Karen wrinkled her nose. “He’s nice, but he has to be older than Mark Martin. You’re the only guy on this bus who’s anywhere near Shane’s age.”

Terence turned away, rattling his magazine. “I can’t help you.”

“Well, you could listen,” said Karen. “You don’t have anything better to do. Maybe it would help me just to talk about it.”

Terence closed his eyes and sighed deeply, which was what his family did instead of shouting and throwing plates, but meant the same thing. “All right,” he said. “Talk about it.”

“Okay, suppose you tell somebody a lie because you love them and you don’t want them to feel bad, but now you think they might find out the truth and be mad at you for keeping it from them.”

“Okay,” said Terence.

“Oh, good, so you think it’s all right?”

“No. I thought you just wanted to think out loud. Now you’re asking me to say what I think?” His eyes drifted back to the open magazine.

Karen snatched his copy of Fortune and stuffed it into the seat pocket.

Terence reached for the magazine, but he succeeded only in pulling out the letter that had been the bookmark in Karen’s book about the Irish princess. He opened it before she could snatch it back.

“I’d appreciate it if you wouldn’t mention that to anybody,” she said. “Especially Shane.”

“Why would I?”

“Well, you might not realize it was a secret. He doesn’t know. Listen, I need some help here. I’ve only been married six days, and I’m afraid I’ve ruined things already. Or I will have, when Shane finds out.”

“About the letter?”

She shook her head. “Something else.”

“Something else? What-no-don’t tell me. Doesn’t matter. You sound like my mother.”

“Your mother?”

“It’s the sort of thing she’d do. One year-I think I was nine or ten-they sent me off to camp for two weeks, and I had a pet hamster. I wasn’t allowed to have a messy cat or a smelly dog.” He did a passable imitation of his mother’s Tidewater Brahmin accent. “The only reason I had the hamster was that we’d had it in the classroom at school, and the teacher asked for a volunteer to take it home over the summer. So every day from camp I called home to ask about Chip, the hamster, and Mother always said he was fine. Was she feeding him? I’d ask. Giving him a little lettuce or a peanut? Oh, yes, all taken care of. So-two weeks later I get home from camp-”

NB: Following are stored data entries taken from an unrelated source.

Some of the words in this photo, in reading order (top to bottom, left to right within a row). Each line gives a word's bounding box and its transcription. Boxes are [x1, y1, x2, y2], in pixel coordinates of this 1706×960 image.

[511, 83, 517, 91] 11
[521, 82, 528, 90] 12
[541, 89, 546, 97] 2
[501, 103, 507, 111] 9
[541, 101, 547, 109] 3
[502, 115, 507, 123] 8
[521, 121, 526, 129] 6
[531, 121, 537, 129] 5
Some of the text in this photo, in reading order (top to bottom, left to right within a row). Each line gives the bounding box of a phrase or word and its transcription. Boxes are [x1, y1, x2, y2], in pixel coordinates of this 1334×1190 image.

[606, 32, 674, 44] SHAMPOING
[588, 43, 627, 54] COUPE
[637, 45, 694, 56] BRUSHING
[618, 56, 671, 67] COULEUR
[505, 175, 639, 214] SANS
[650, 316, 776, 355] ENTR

“And the hamster is dead?”

“Gone, anyway,” said Terence. “I don’t know if she let it go, gave it away, or forgot to feed it. Anyhow, it was gone. The cage was gone. Like it had never happened. And when I started to cry, she said, ‘I did it for your own good, dear. You really didn’t need any bad news to make you sad while you were at camp.’” He shrugged. “You know how that made me feel?”

Karen shook her head.

“Enraged, of course. But insulted, too. Who was she to decide what I was capable of handling? Who was she to lie to me and then expect me to be grateful?”

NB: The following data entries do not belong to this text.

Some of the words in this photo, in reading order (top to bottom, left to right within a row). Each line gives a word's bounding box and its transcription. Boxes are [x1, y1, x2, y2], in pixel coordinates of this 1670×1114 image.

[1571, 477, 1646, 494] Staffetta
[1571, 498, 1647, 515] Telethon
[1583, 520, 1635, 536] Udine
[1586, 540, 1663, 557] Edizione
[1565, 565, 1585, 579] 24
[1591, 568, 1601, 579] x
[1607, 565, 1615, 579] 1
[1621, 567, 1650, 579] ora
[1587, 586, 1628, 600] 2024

She studied him for a moment. This was the longest speech she’d ever heard Terence make. His voice shook with anger. “You’re still mad about that hamster after all these years, aren’t you?” she said.

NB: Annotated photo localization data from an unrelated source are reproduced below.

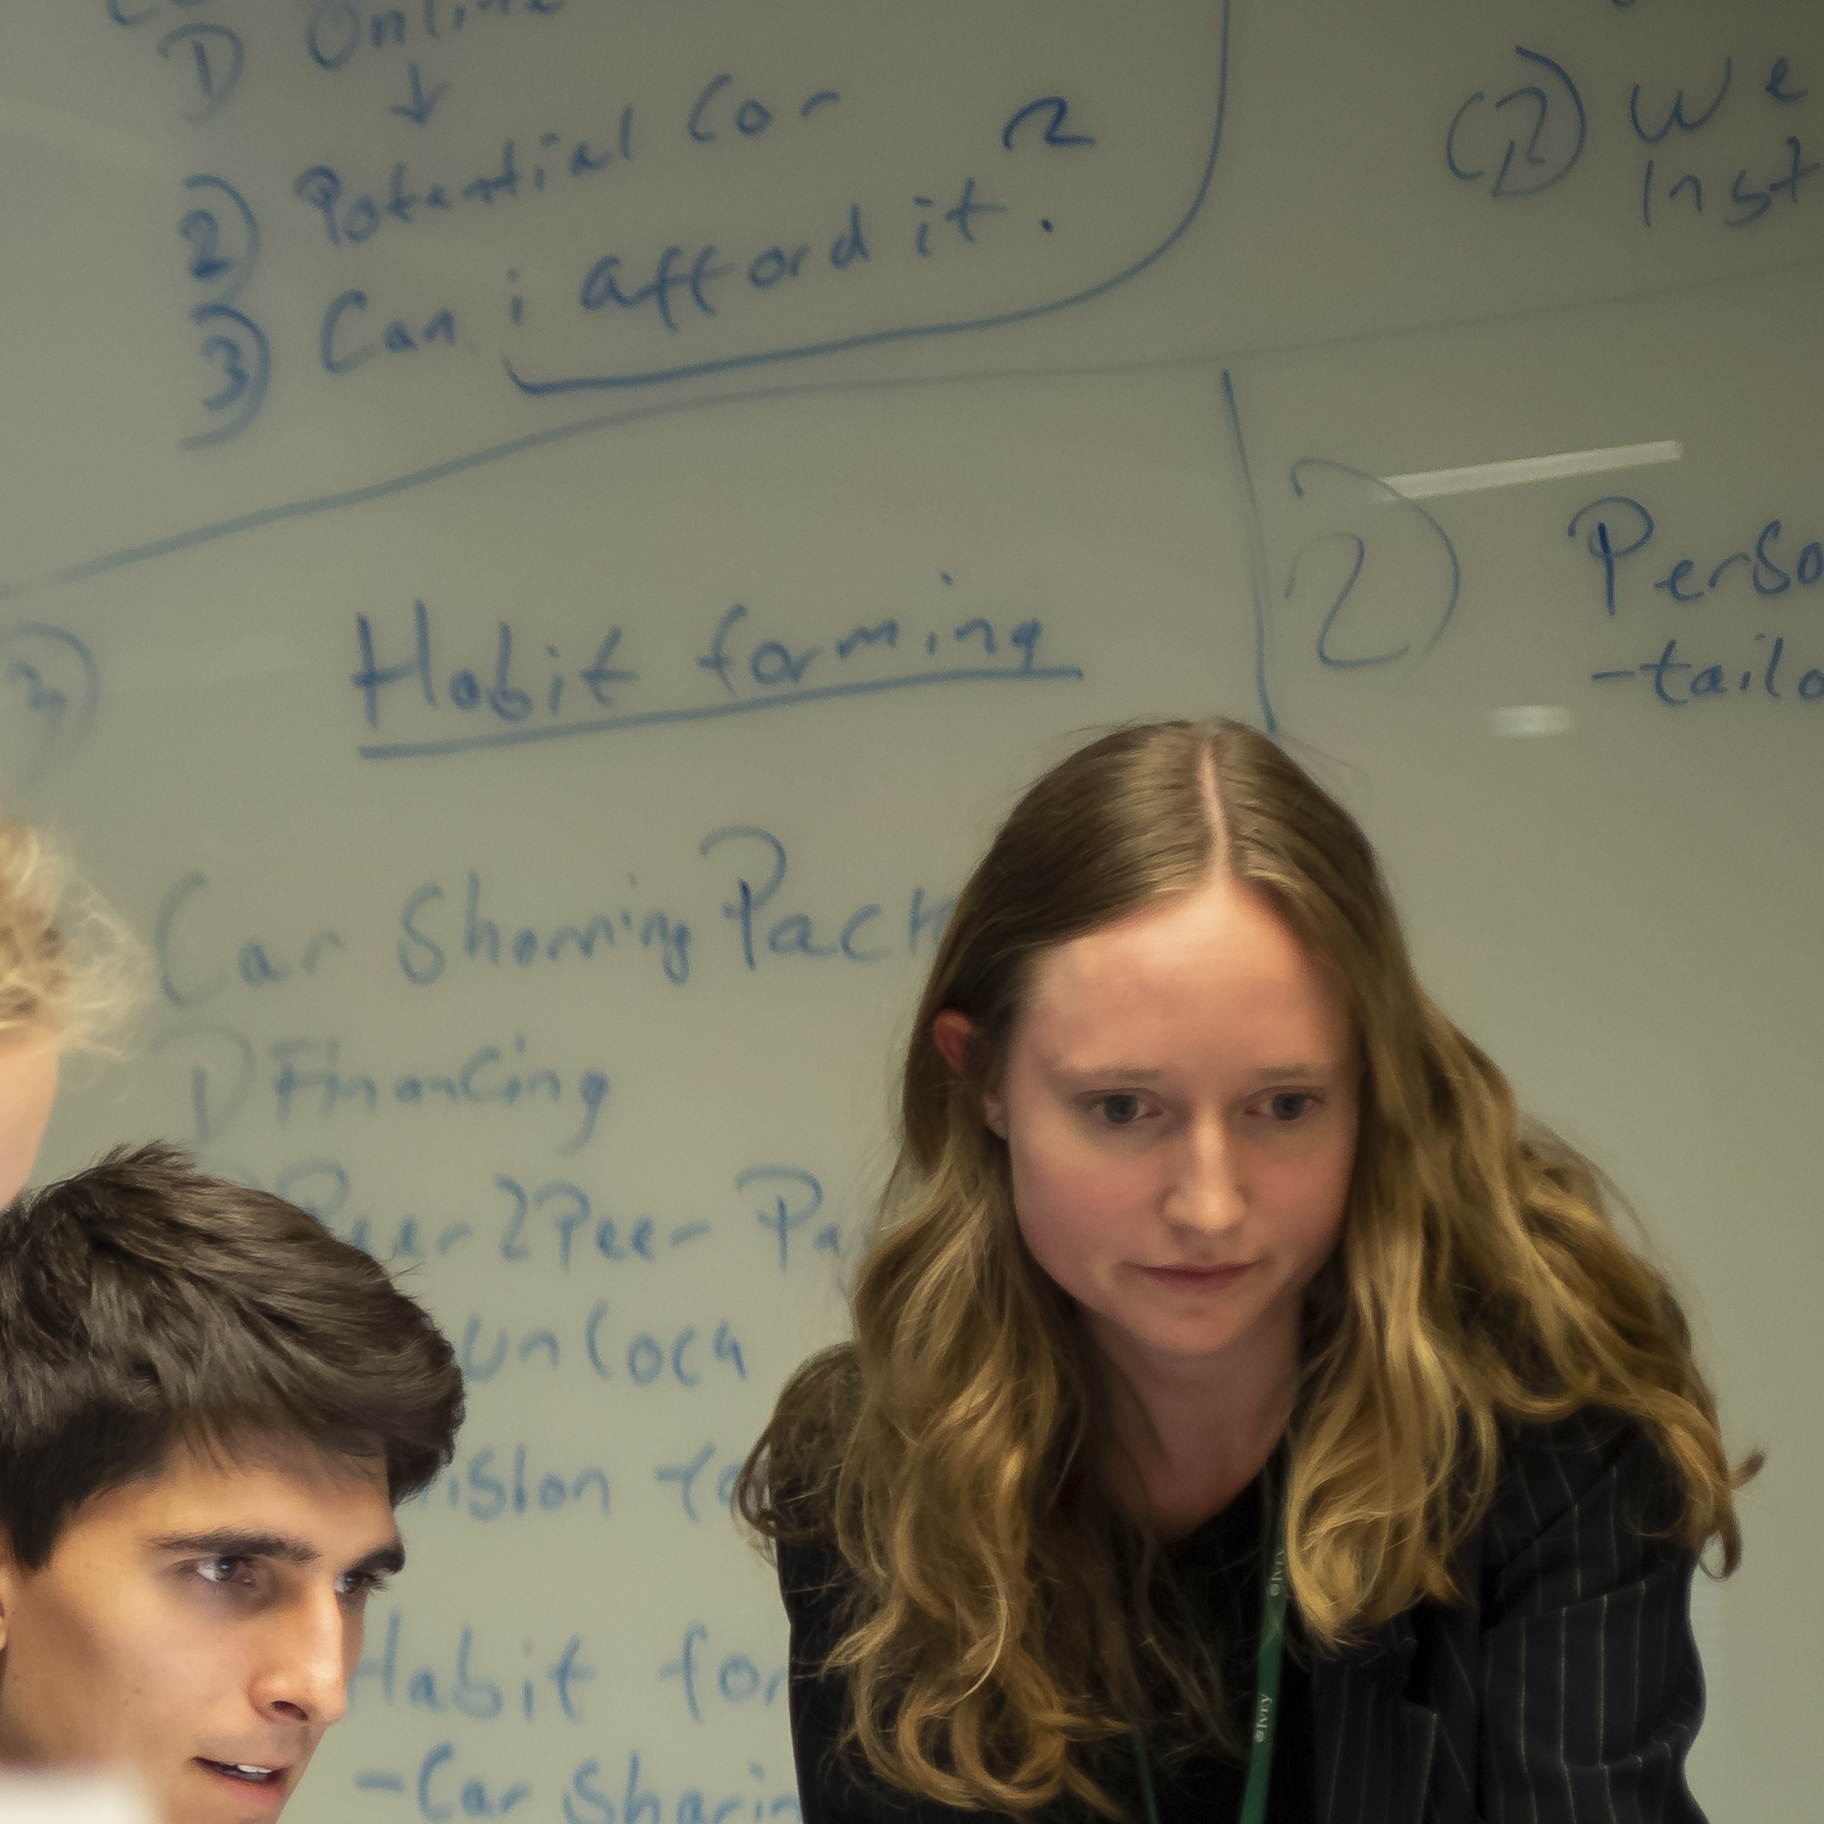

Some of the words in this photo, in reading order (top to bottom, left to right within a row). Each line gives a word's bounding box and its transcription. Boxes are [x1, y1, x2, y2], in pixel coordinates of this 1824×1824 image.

[293, 104, 634, 247] Potential
[318, 289, 458, 376] Can
[578, 200, 871, 334] afford
[351, 598, 642, 732] Habit
[695, 575, 1044, 700] forming
[153, 868, 347, 1010] Car

He shrugged. “I don’t think about it.”

“But you wish she’d told you the truth, even if it hurt you at the time?”

“Look, don’t try to solve your problem based on a dead hamster. I don’t know what you did or how upset Shane would be about it, so my advice would be useless.”

Karen leaned over and whispered a few words into his ear.

Terence’s eyes widened. “You told him what? You’d never get away with that.”

“If he ever heard any different, it didn’t sink in. It’s what he wanted to hear.”

“Well, if it matters that much to him, I hope I’m not around when he finds out,” said Terence.

Karen, looking shaken, went back to her novel about the princess of Ireland. She didn’t notice Terence staring at the book cover, lost in thought.